DIRECTIONS FOR THIS TASK — Every record below must come back exactly as written, with the images dropped.

DATA SECTION —
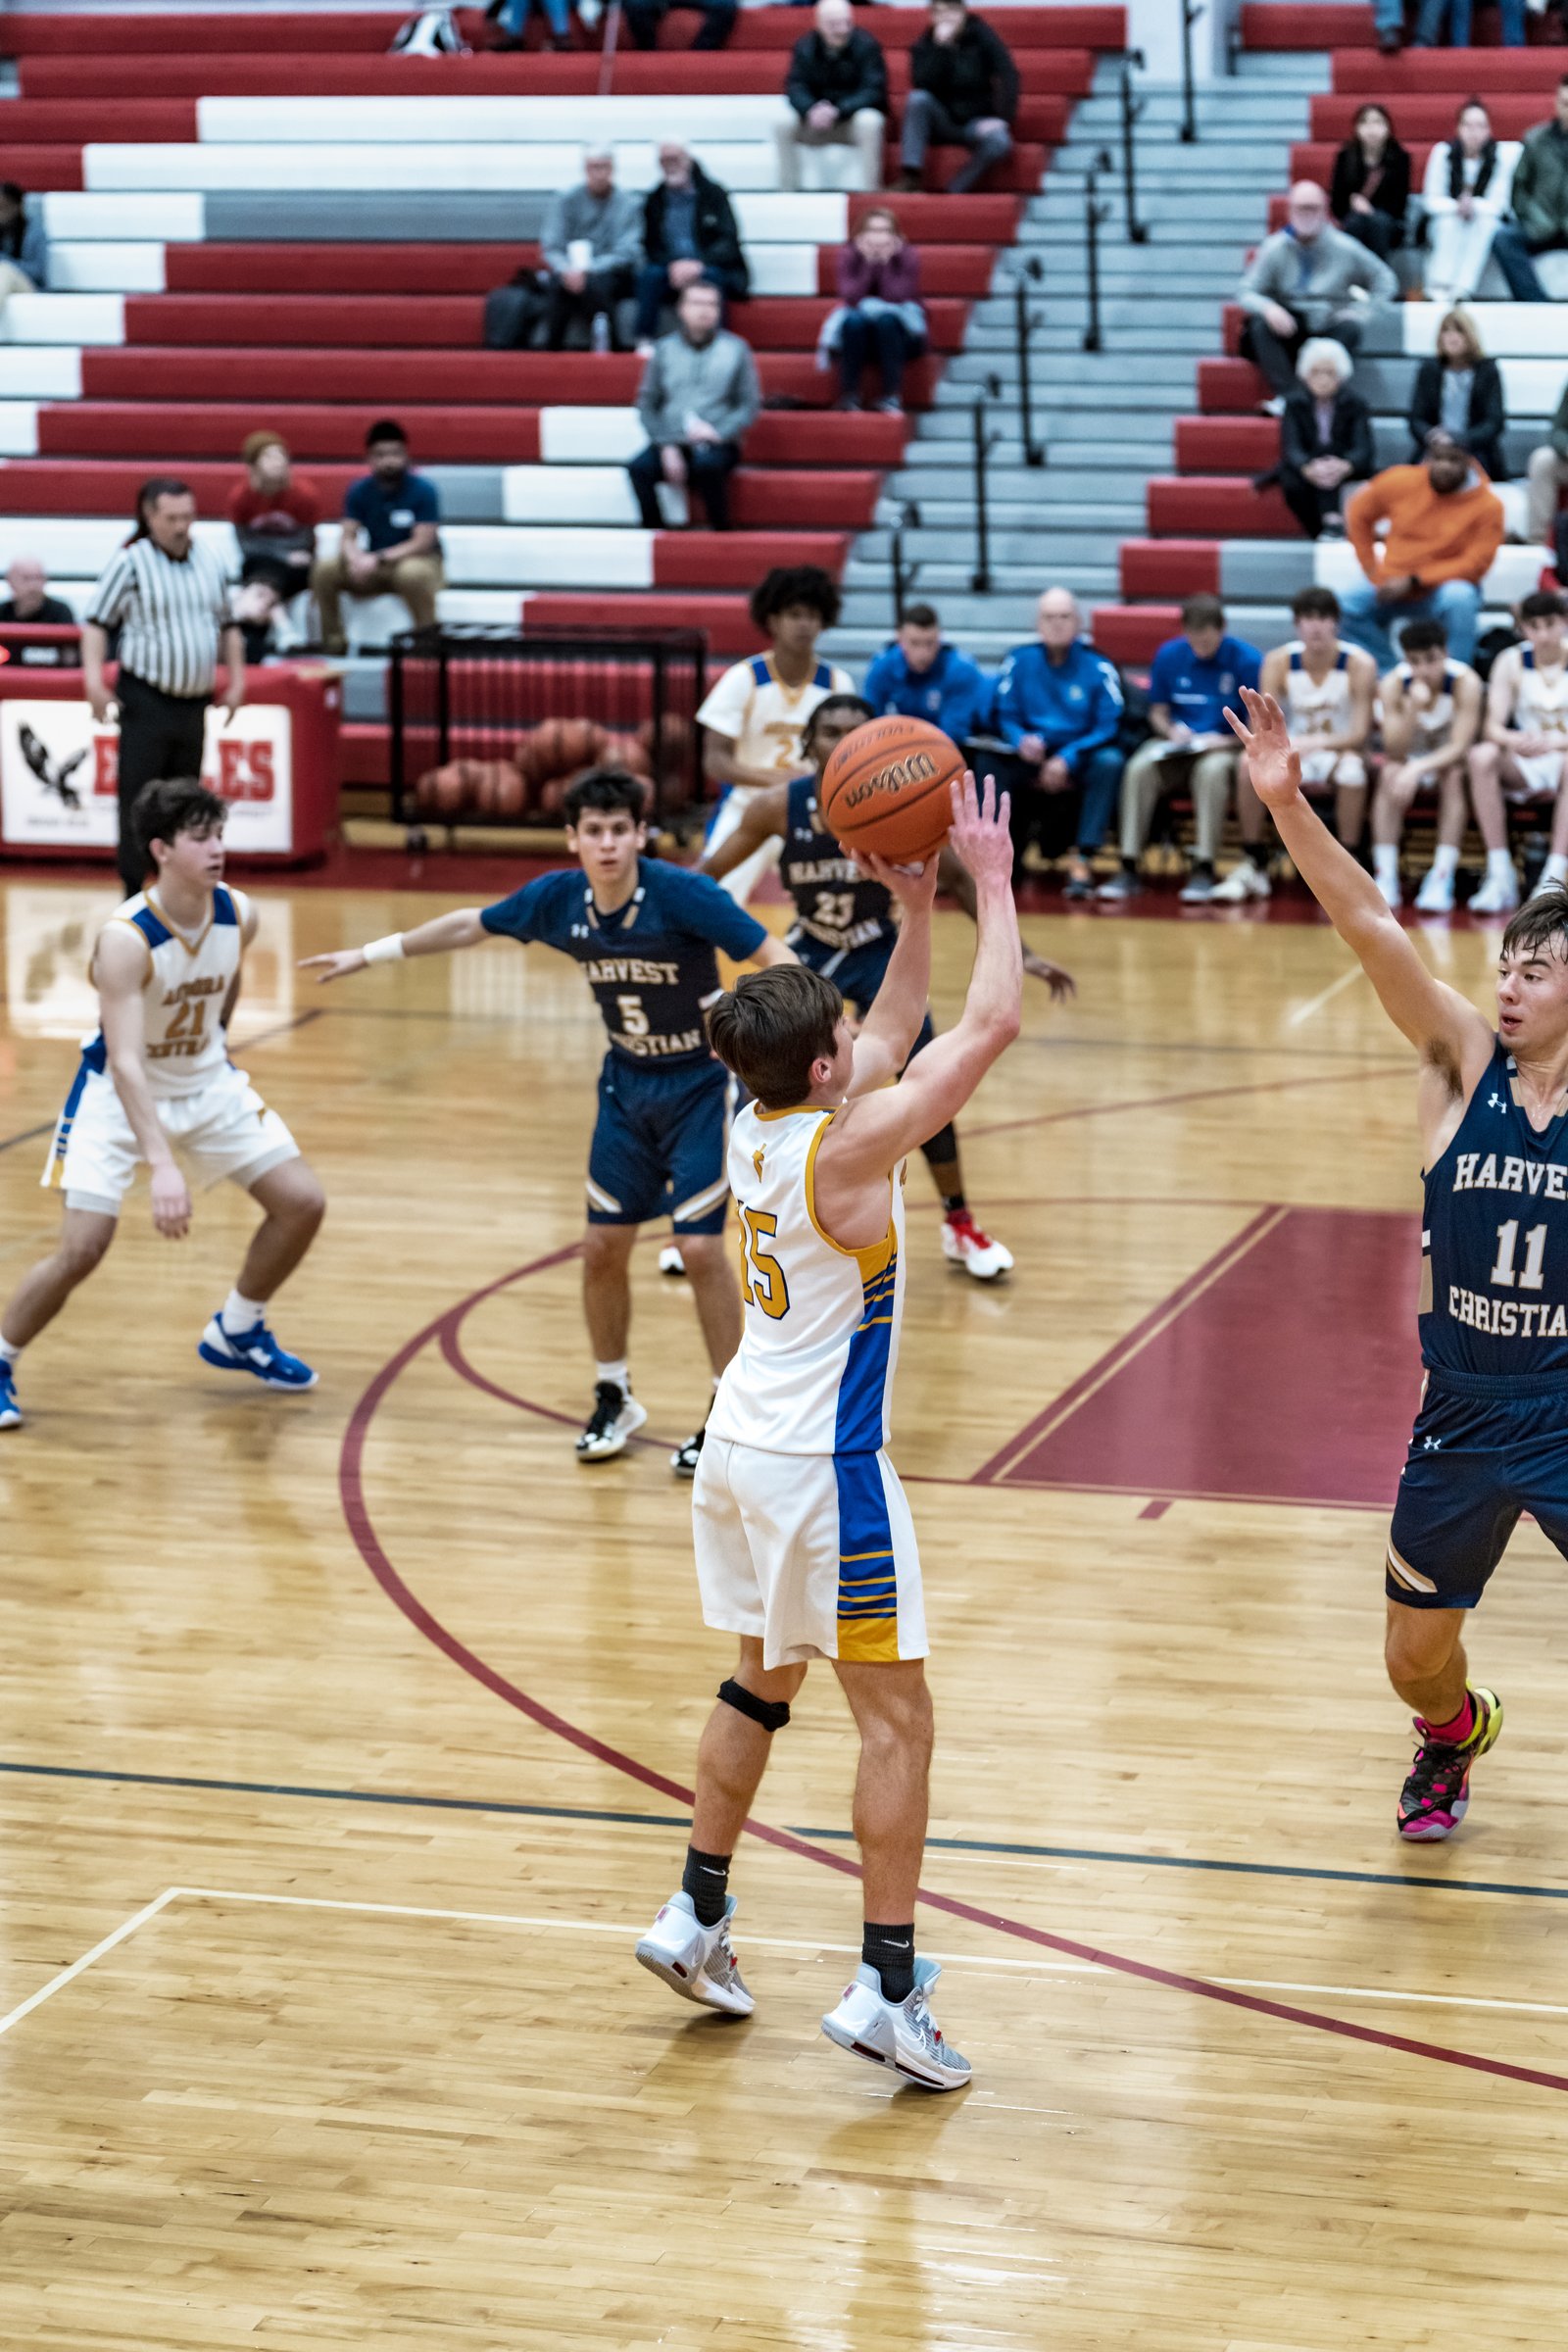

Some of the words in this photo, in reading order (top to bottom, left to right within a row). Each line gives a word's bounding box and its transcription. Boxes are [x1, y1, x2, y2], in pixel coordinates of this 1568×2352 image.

[93, 735, 275, 802] EES
[844, 753, 940, 808] Wilson
[813, 892, 856, 929] 23
[166, 998, 206, 1039] 21
[617, 995, 650, 1036] 5
[1452, 1153, 1568, 1200] HARVE
[736, 1200, 791, 1320] 15
[1490, 1219, 1547, 1290] 11
[1448, 1285, 1568, 1338] CHRISTIA
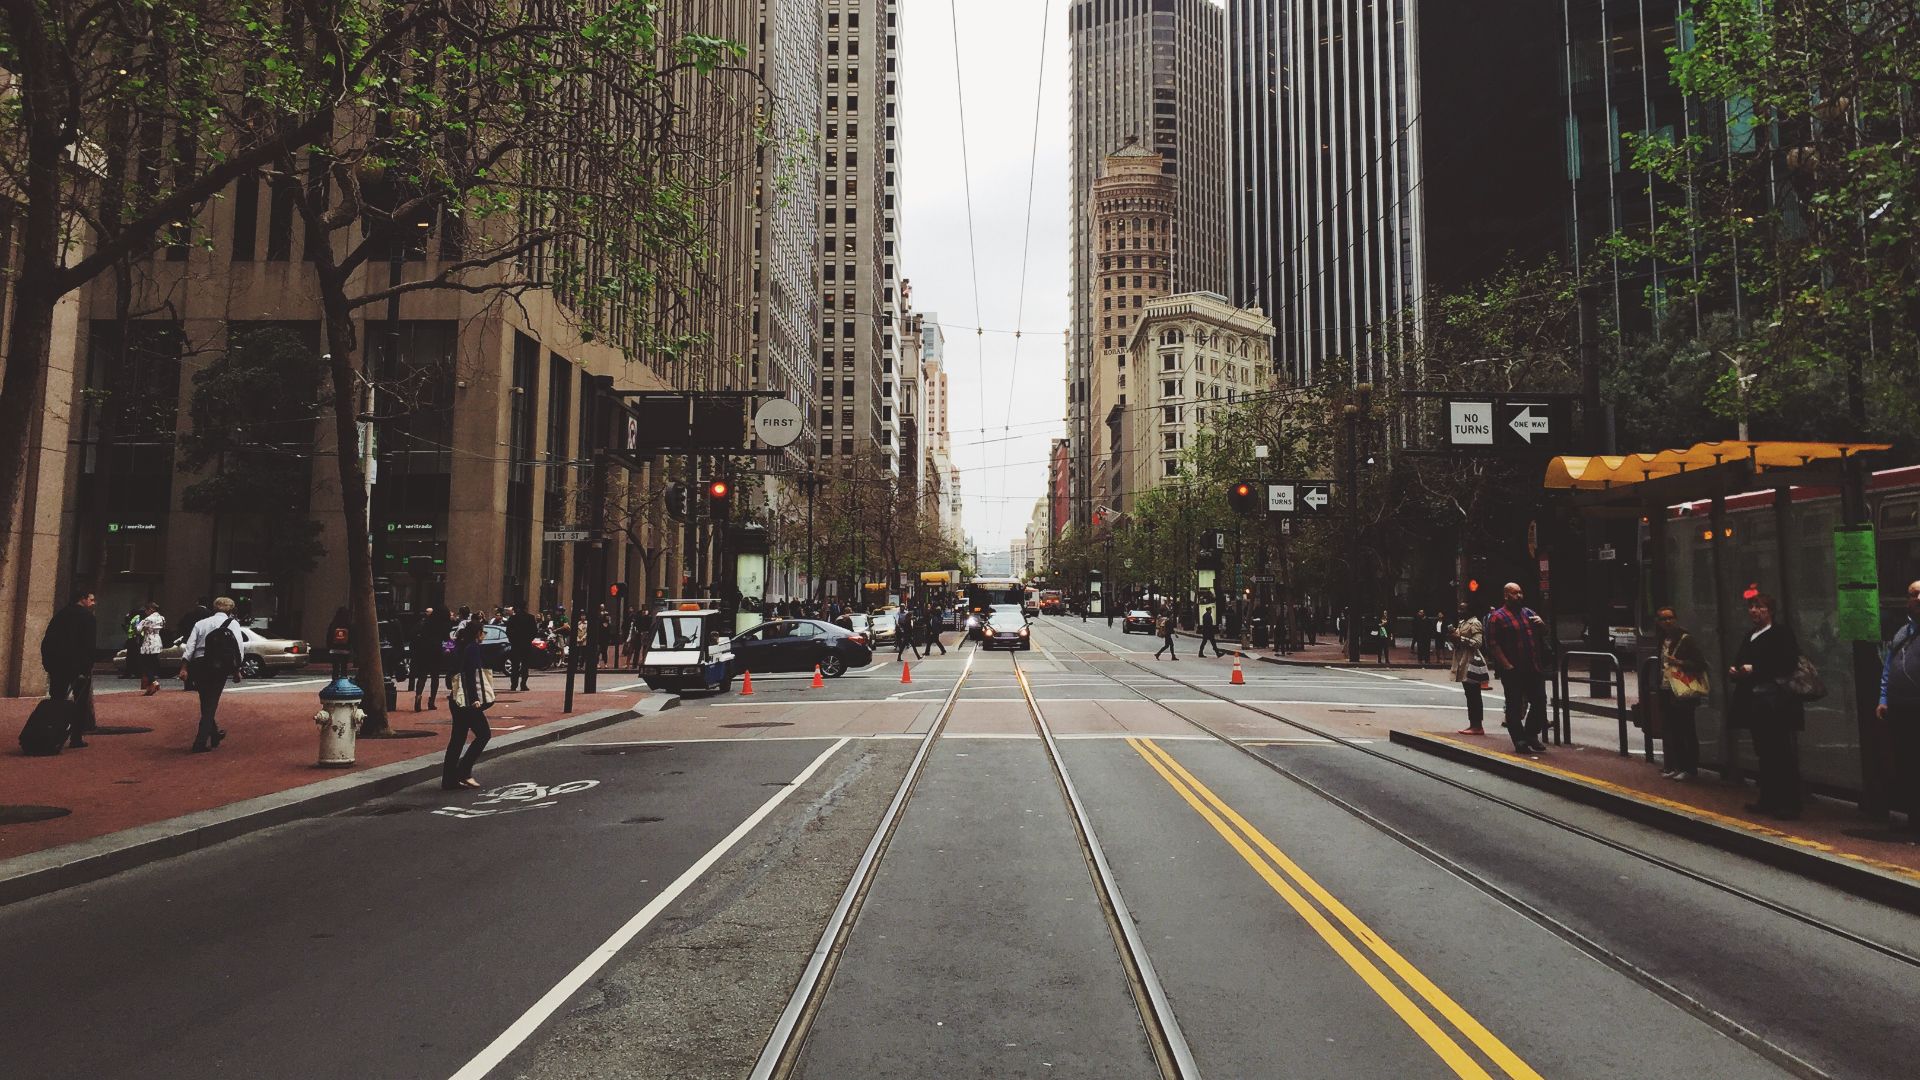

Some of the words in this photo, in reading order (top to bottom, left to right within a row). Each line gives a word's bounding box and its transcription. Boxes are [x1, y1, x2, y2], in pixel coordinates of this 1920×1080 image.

YOUR RESPONSE —
Some of the words in this photo, in reading order (top to bottom, left to right within a row). Each line gives a word's bounding box and its transcription. Boxes are [x1, y1, x2, y2], in pixel coordinates of this 1568×2352 image.

[93, 735, 275, 802] EES
[844, 753, 940, 808] Wilson
[813, 892, 856, 929] 23
[166, 998, 206, 1039] 21
[617, 995, 650, 1036] 5
[1452, 1153, 1568, 1200] HARVE
[736, 1200, 791, 1320] 15
[1490, 1219, 1547, 1290] 11
[1448, 1285, 1568, 1338] CHRISTIA

Some of the words in this photo, in reading order (top to bottom, left to right within a row). Each line gives a word's bounding box and its transcription. Boxes are [x1, y1, x2, y2], in pixel coordinates of this 1920×1080 image.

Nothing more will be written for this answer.